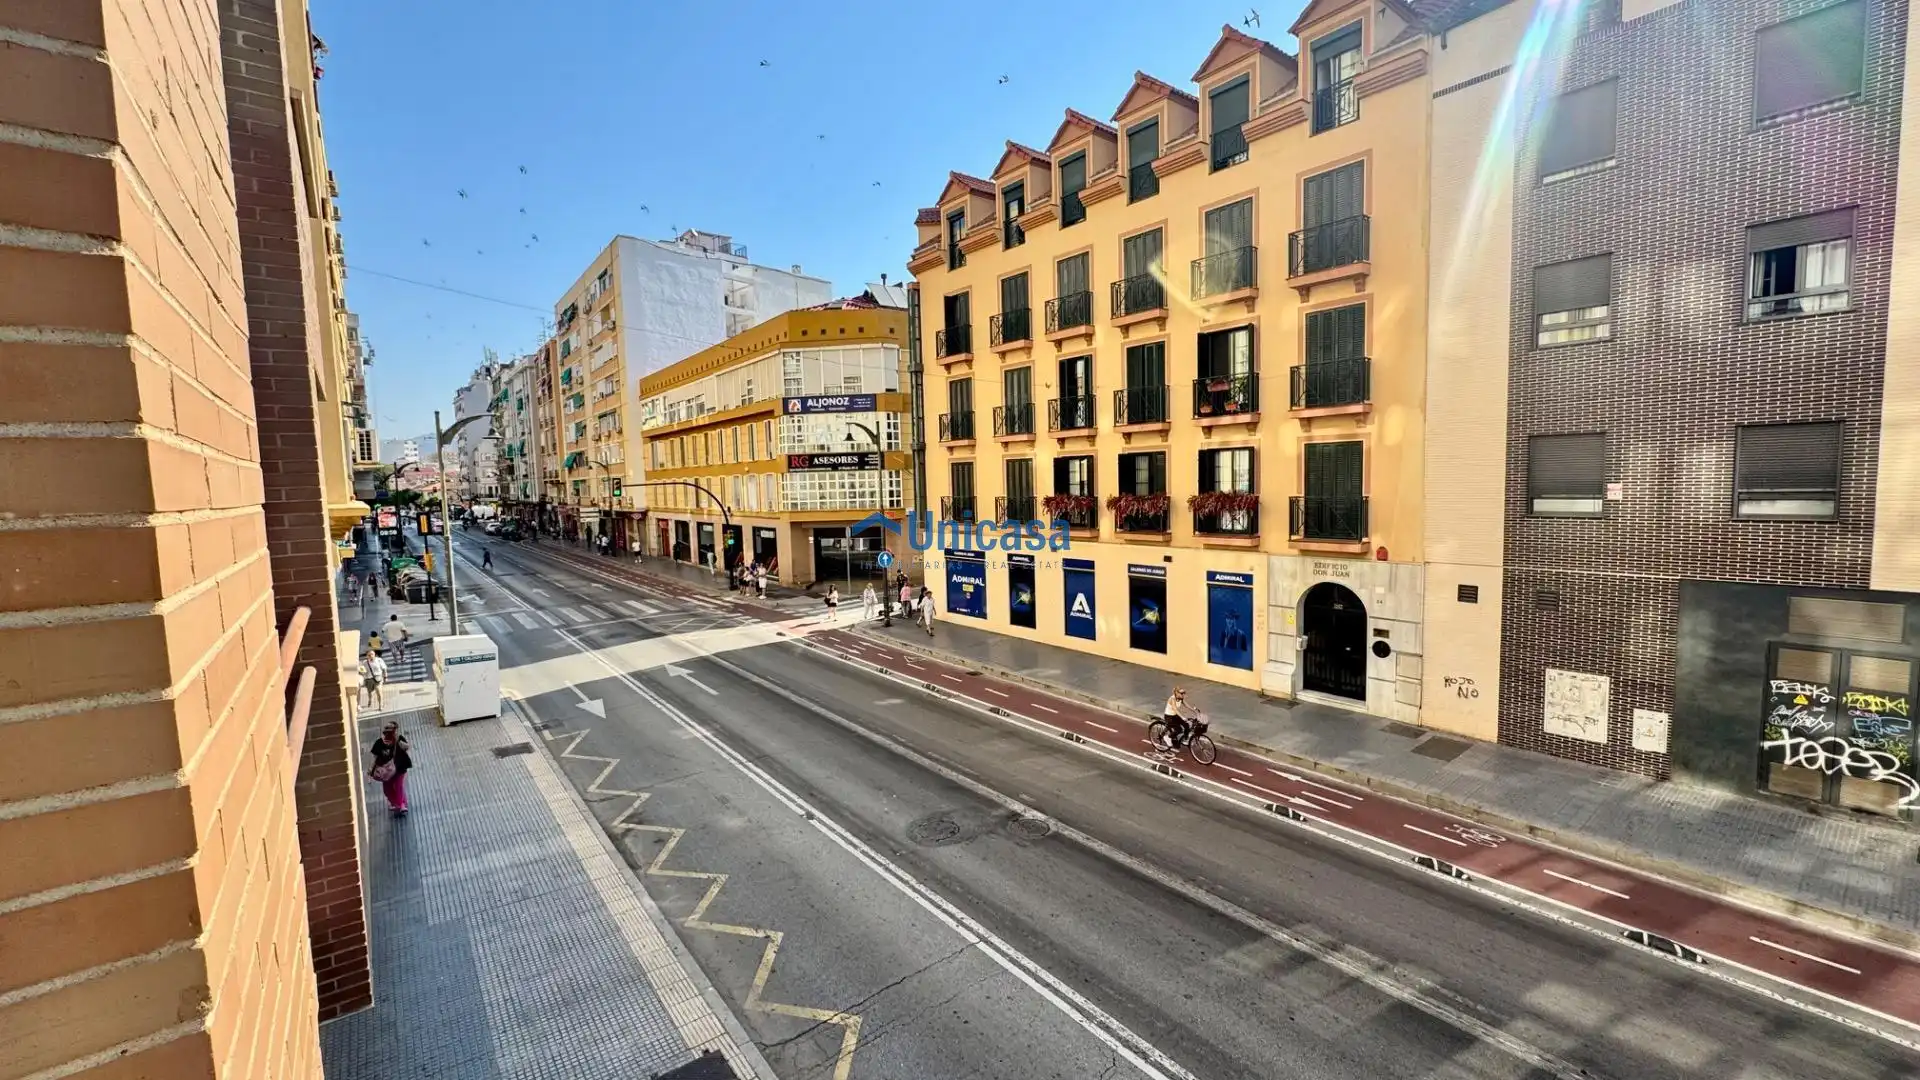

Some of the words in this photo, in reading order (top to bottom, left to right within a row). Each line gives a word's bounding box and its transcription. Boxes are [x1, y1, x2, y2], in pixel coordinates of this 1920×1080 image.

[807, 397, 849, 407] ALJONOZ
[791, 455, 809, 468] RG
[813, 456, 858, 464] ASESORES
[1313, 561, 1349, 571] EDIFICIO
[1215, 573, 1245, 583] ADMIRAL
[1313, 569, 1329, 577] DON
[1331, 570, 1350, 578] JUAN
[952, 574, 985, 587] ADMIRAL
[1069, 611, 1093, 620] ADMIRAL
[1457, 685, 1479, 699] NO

• _WORK REQUEST_: Set down the data above exactly as written. Omit the pictures.

• _TASK SOLUTION_:
Some of the words in this photo, in reading order (top to bottom, left to right within a row). Each line gives a word's bounding box and its transcription. Boxes are [x1, y1, x2, y2], in pixel coordinates of this 1920×1080 image.

[807, 397, 849, 407] ALJONOZ
[791, 455, 809, 468] RG
[813, 456, 858, 464] ASESORES
[1313, 561, 1349, 571] EDIFICIO
[1215, 573, 1245, 583] ADMIRAL
[1313, 569, 1329, 577] DON
[1331, 570, 1350, 578] JUAN
[952, 574, 985, 587] ADMIRAL
[1069, 611, 1093, 620] ADMIRAL
[1457, 685, 1479, 699] NO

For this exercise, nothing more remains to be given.